A former Black Panther, Torres was arrested on larceny charges more than 20 years ago and has been working for “the agency” ever since. His biggest coup came in 2005 when he drew Brooklyn jazz musician Tarik Shah into an admission that would see him jailed for 13 years. Shah’s mother, who appears in the film, is still campaigning to have him released, 10 years into his sentence. Torres says he has “no feelings” for the POI, or “Person of Interest” he’s sent to ensnare. But later in the film he says of Shah: “I liked and trusted the brother.”

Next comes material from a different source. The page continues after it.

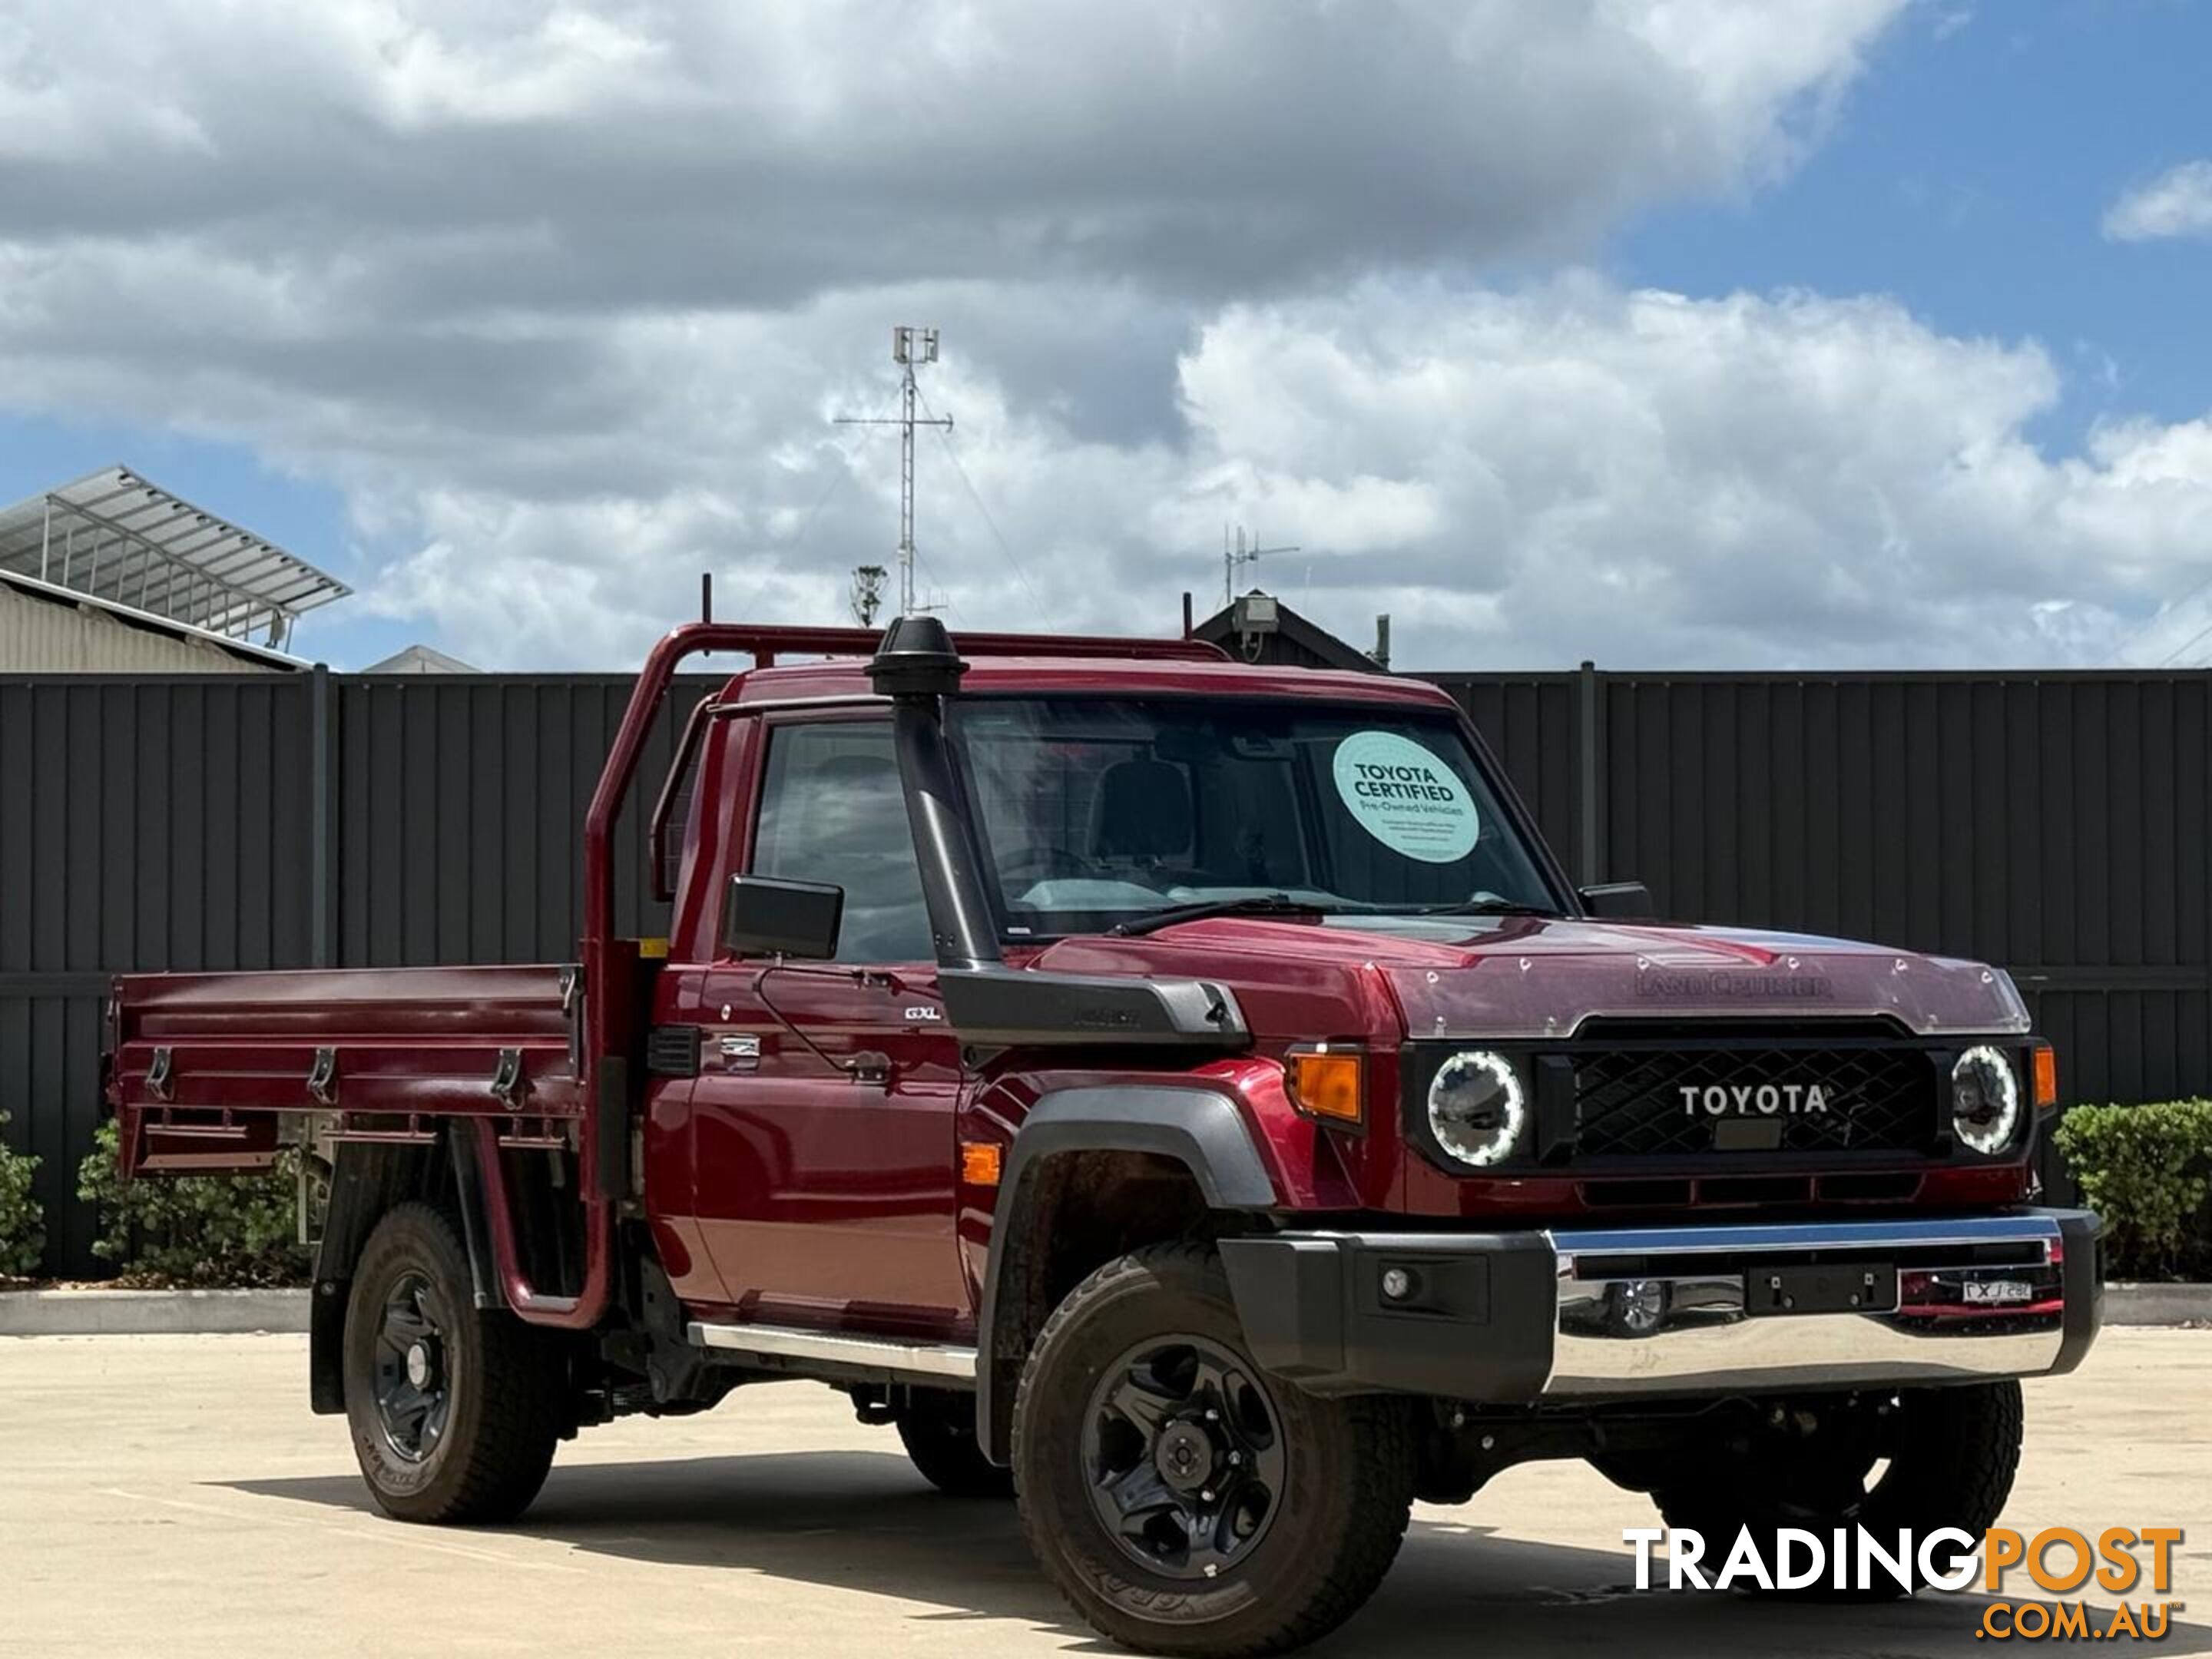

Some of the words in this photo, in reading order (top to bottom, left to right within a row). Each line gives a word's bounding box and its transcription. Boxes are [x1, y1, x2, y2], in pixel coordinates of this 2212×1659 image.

In Pittsburgh, where most of the film takes place, Torres is tasked with befriending a white Muslim convert who the FBI suspect of radicalisation. While Torres admits that Khalifa al-Akili “wouldn’t throw rice at a wedding,” he sets about drawing the 34-year-old into a terror plot that would allow the FBI to put him behind bars. “He’s not even a psuedo-terrorist,” Torres says, but continues to angle for a conviction that could fetch him up to $250,000.
Torres and his interactions with FBI agents (he shares his voicemail and text messages with the audience), reveal the dogged and clumsy workings of a programme which has targeted and jailed thousands of Muslims across the United States since the 9/11 attacks, a scheme which civil liberties advocates describe as an “indiscriminate monitoring” and “a violation of religious freedom”.